My ma died in a shack.

I wonder where I'm going to die,

Being neither white nor black?

 What different denotations does the title have? What connotations are linked to each of them?
 The language in this poem, such as “old man”, “ma” and “gonna”, is plain, and even colloquial. Is it appropriate to
the subject? Why or why not?
Desert Places by Robert Frost
Snow falling and night falling fast, oh, fast

In a field I looked into going past,

And the ground almost covered smooth in snow,

But a few weeds and stubble showing last.

The woods around it have it--it is theirs.

All animals are smothered in their lairs.

I am too absent-spirited to count;

The loneliness includes me unawares.

And lonely as it is that loneliness

Will be more lonely ere it will be less—

A blanker whiteness of benighted snow

With no expression, nothing to express.

They cannot scare me with their empty spaces

Between stars--on stars where no human race is

I have it in me so much nearer home

To scare myself with my own desert places.

 Examine the poem for examples of words or phrases with negative or positive connotations. Which stanza is most
negative/ Considering its possible synonyms, how emotionally powerful is the word “Scare”?

 What multiple denotations of the word “benighted” are functional in the poem? How does the etymology of “blanker”
add to its force in this context?

 “Absent-spirited” is coined from the common phrase “Absent minded.” What denotations of “spirit” are relevant
here/

 Who are “They” who can create fear by talking about the emptiness of space? Fear of what? What are the “desert
places” within the speaker that may be compared to literal emptiness of space?

 IN the first publication of the poem, line 14 concluded “on stars void of human races.” Frost’s final version calls
attention to the potentially comic effect of rhyming spaces/race is/places, a device called feminine rhyme often used

in humorous verse. Is the speaker feeling comical? Can you relate this effect to wht you determined about the word

“scare” in question 1?
One Art by Elizabeth Bishop, 1911 - 1979
The art of losing isn’t hard to master;
so many things seem filled with the intent
to be lost that their loss is no disaster.

Lose something every day.


Accept the fluster of lost door keys, the hour badly spent.
The art of losing isn’t hard to master.

Then practice losing farther, losing faster:


places, and names, and where it was you meant
to travel. None of these will bring disaster.

I lost my mother’s watch. And look! my last, or


next-to-last, of three loved houses went.
The art of losing isn’t hard to master.

I lost two cities, lovely ones. And, vaster,


some realms I owned, two rivers, a continent.
I miss them, but it wasn’t a disaster.

—Even losing you (the joking voice, a gesture


I love) I shan’t have lied. It’s evident
the art of losing’s not too hard to master
though it may look like (Write it!) like disaster.

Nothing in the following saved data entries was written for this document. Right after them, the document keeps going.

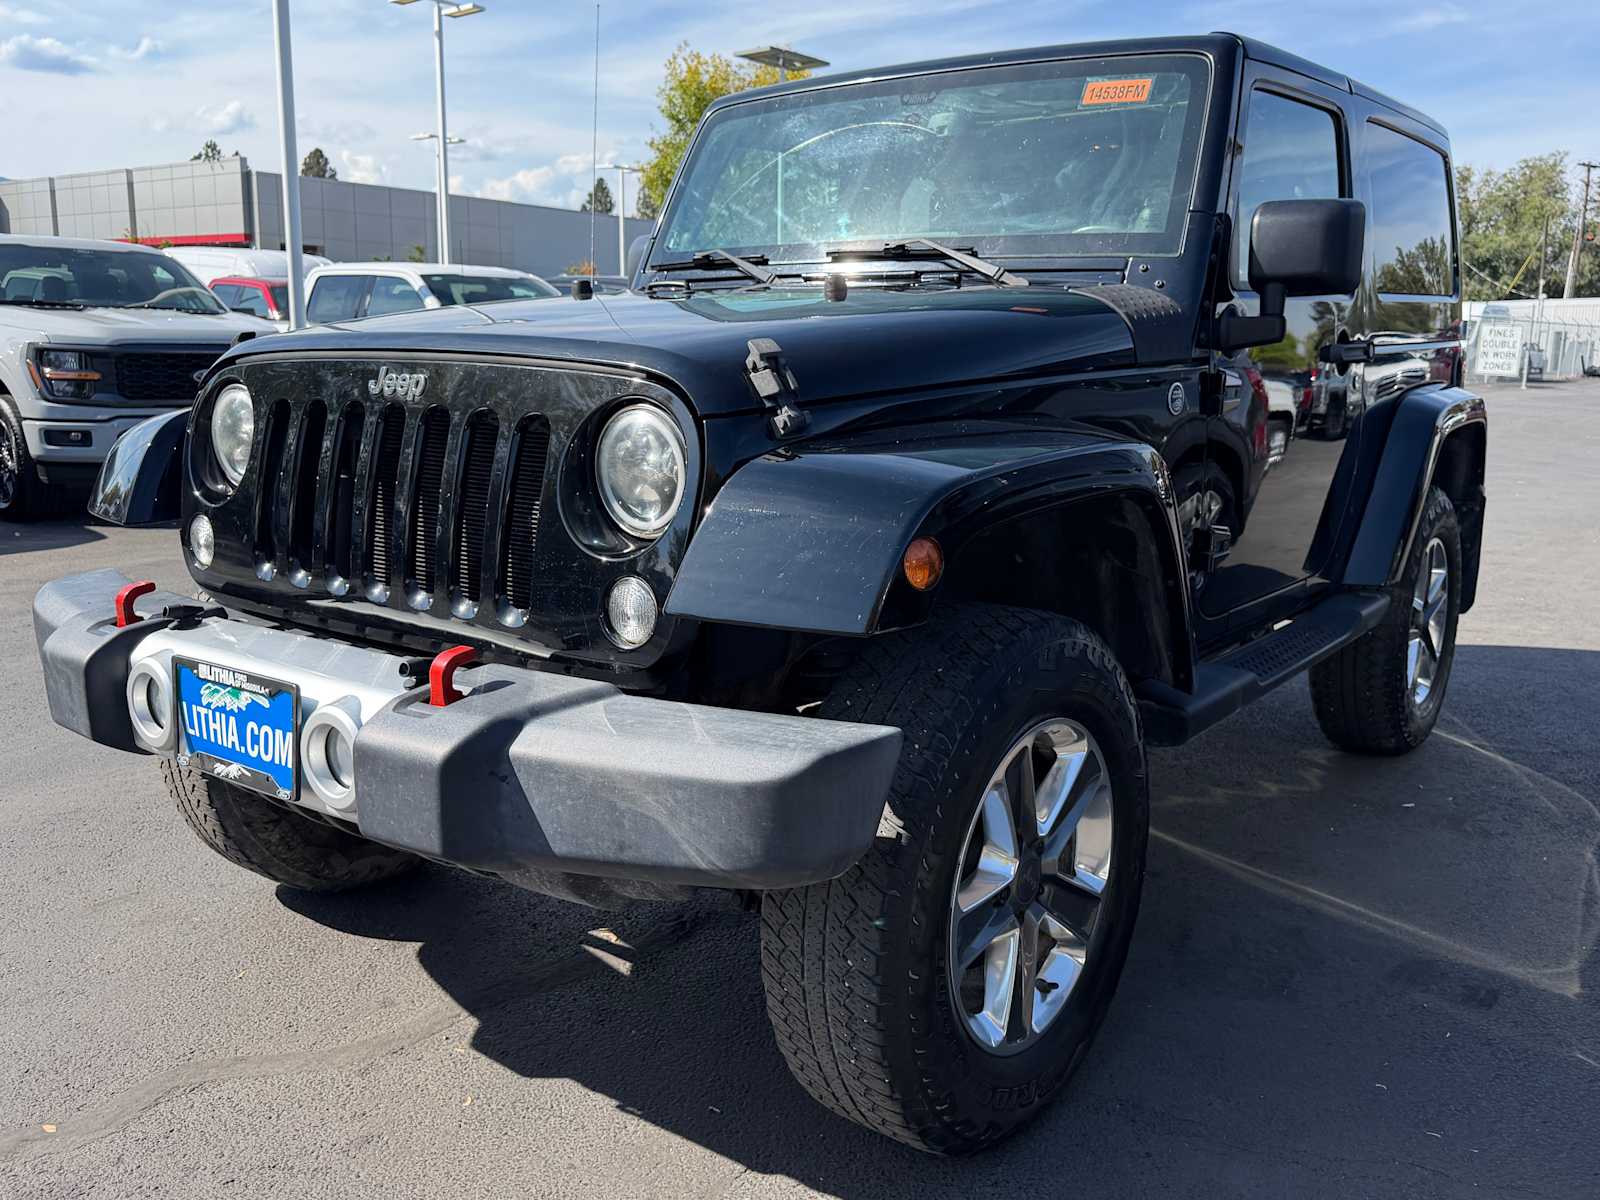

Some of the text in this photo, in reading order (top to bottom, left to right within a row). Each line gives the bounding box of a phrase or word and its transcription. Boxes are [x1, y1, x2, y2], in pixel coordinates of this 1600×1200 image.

[1089, 84, 1146, 100] 14538FM
[1482, 339, 1517, 349] DOUBLE
[1482, 362, 1513, 371] ZONES
[368, 366, 426, 401] Jeep
[207, 664, 236, 688] LITHIA
[182, 701, 293, 769] LITHIA.COM

 What various denotations of “lose” and its derivative forms are relevant to the context? What

connotations are attached to the separate denotative meanings?

 Explain how “owned” and “lost” shift the meanings of possessing and losing.

 What seems to be the purpose of the speaker in the first three tercets (three-line units)? How is the

advice given there supported by the personal experiences related in the next two tercets/

 The concluding quatrain (four-line unit) contains direct address to a person, as well as a command the

speaker addresses to herself. How do these details reveal the real purpose of the poem? Can all kinds of

losses be mastered with “one art of losing”?

SUGGESTION FOR WRITING: Consider the denotative meanings of the titles above.
Consider each poem carefully and note the multiple connotations that attach to the title
phrase as the poem progresses. Choose two or three titles, then write a short essay
comparing the denotative and connotative meanings of each.